Region - Disasters are increasing; disaster preparedness is not
New reports from UNDRR and ECLAC outline many recommendations the region should take to prepare and attempt to mitigate systemic risks from natural disasters.
A new regional assessment from the United Nations Office for Disaster Risk Reduction (UNDRR) provides a top level framework for understanding the challenges of natural disasters moving forward after the pandemic.
The specific challenges of the Covid-19 pandemic have highlighted systemic risks and the hurricanes that hit Central America last year demonstrated the dangers of facing overlapping disasters. While pandemic deaths are included, the report doesn’t attempt to measure the economic damage as it has previous natural disasters.
Above: Graphic from the ECLAC/UNDRR report
A parallel report from ECLAC and UNDRR provides greater detail on the disaster preparedness and response in the Caribbean and has updated numbers regarding the economic damage done by Covid-19.
Key takeaways from the reports
Latin America and the Caribbean’s economic development has faced regular setbacks due to natural disasters. This is obvious but also rarely acknowledged in forward thinking planning. Analysts doing economic projections ten years into the future can’t predict exactly what type of disaster will hit a country or what the impact will be, but the history of the past few decades shows economic forecasts regularly derailed by various natural disasters. Last year’s pandemic is a key example, but far from the only disease challenge the region has faced in the past decade that has hit economic growth (i.e. outbreaks of Zika, Dengue and Chikungunya).

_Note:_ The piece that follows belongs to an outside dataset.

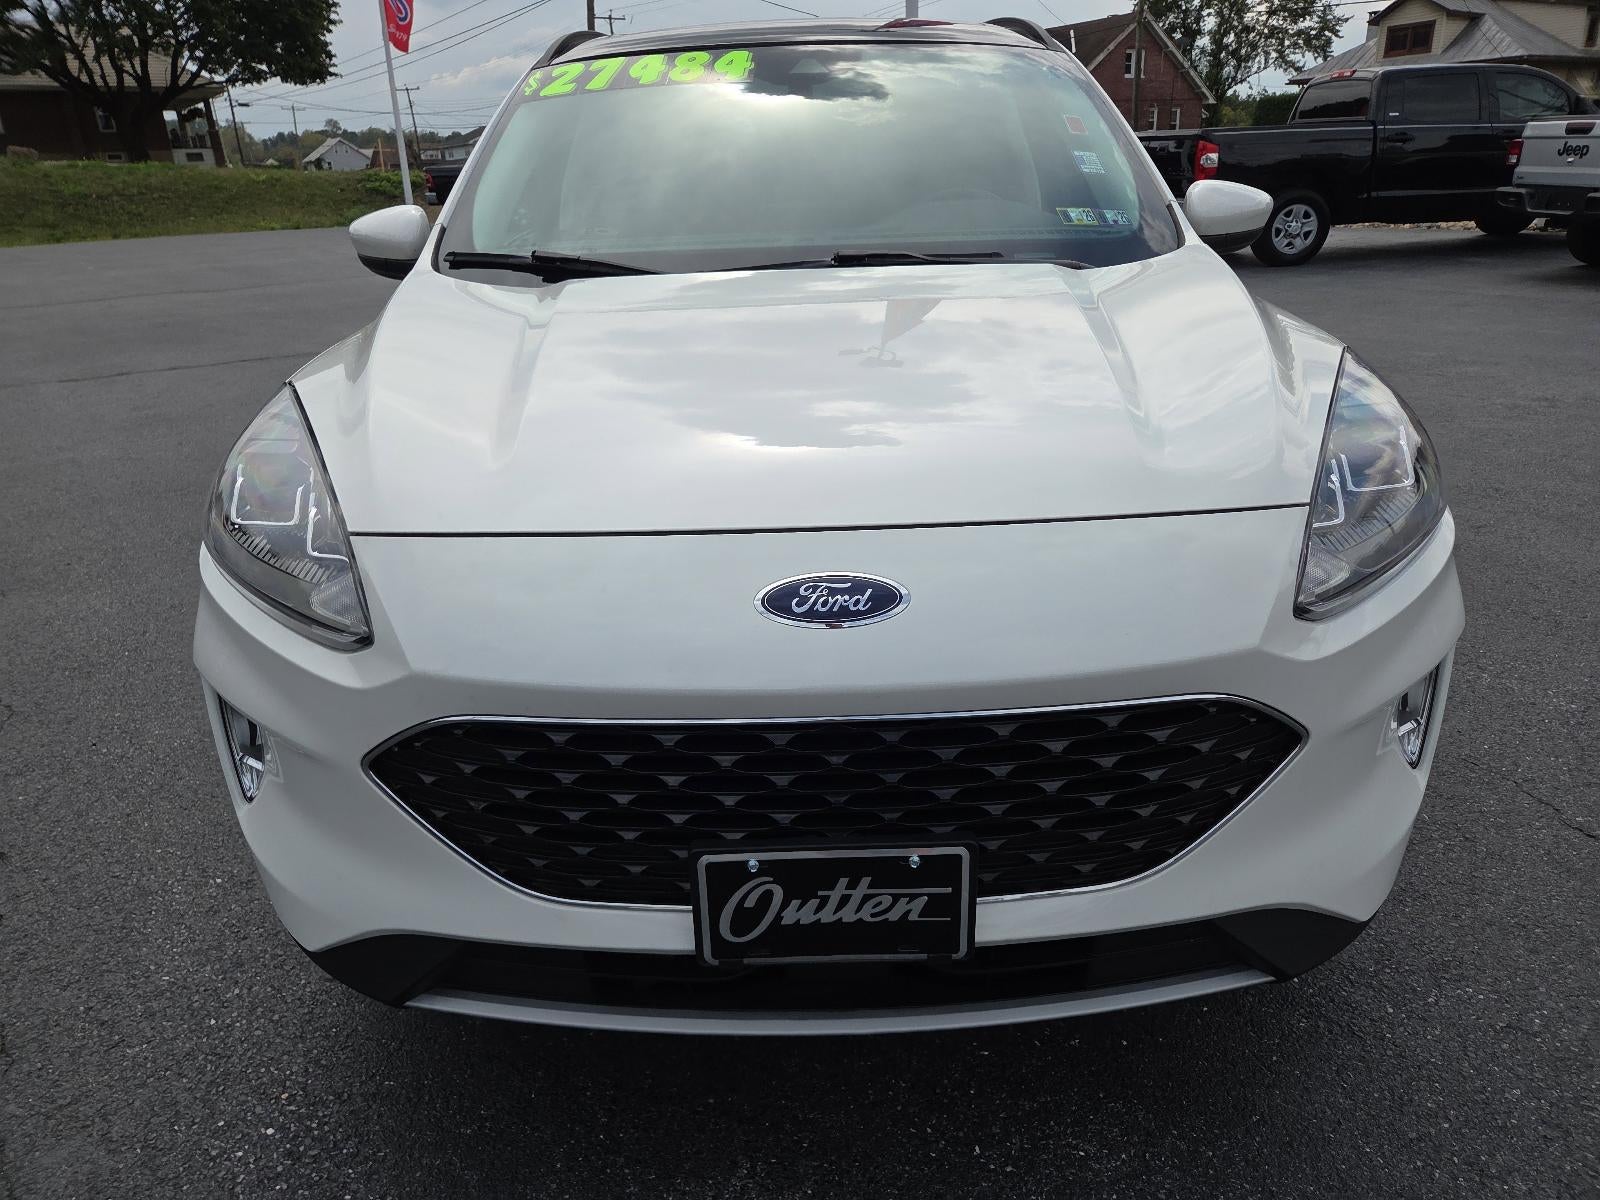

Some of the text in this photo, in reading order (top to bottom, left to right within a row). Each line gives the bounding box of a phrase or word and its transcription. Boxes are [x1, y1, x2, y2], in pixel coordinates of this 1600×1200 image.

Due to climate change and increasingly interconnected systems, disasters are growing more frequent and more impactful. While natural disasters are often treated as isolated events, many disasters including hurricanes and epidemics are increasing due to systemic challenges. Even if we separate out and treat the human costs and economic damage from the pandemic in 2020 as a statistical outlier (which we shouldn’t), the next decade will almost certainly see a greater amount of damage from natural disasters than the previous decade.
The combination of climate change plus urbanization is a key threat to Latin America in the coming decade. Most readers likely understand how urbanization and climate change both individually contribute to risk, but I liked how the report highlighted the insight that the two trends overlap in ways that increase the risks populations will face in Latin America. The nature of cities and densely packed populations increases the complexity of disasters when they occur and creates systemic level risks.
Latin America’s approach to disasters has been reactive instead of proactive. Far more focus and emphasis is placed on reconstruction after disasters occur than on preparations. The report specifically calls for civil society to do more to hold governments to account when they fail to prepare for natural disasters, not just when disaster recovery and reconstruction goes wrong.
What should be done vs what will be done
These reports are just the most recent of many reports on similar topics. This report from ECLAC in February provided greater detail on how countries can implement a risk reduction framework. The Council on Strategic Risks has had several strong recent reports on how the Biden administration should manage the global threats from climate change.
The governments of Latin America and the Caribbean should implement every recommendation in the reports above, particularly those regarding building disaster planning and mitigation into development plans and building out greater information monitoring and sharing.
But they won’t.
The region lacks resources, particularly after the pandemic, and those resources are more likely to be spent dealing with urgent and immediately visible needs than on mitigating hypothetical (though near certain) disasters of the future. Further, politicians rarely receive credit for preventing a disaster that doesn’t occur or limiting the damage from a disaster that might occur after they have left office.
That may sound depressing, but acknowledging that political reality is necessary for civil society and the private sector to create campaigns that encourage politicians and voters to support proactive efforts that can help protect the region’s population.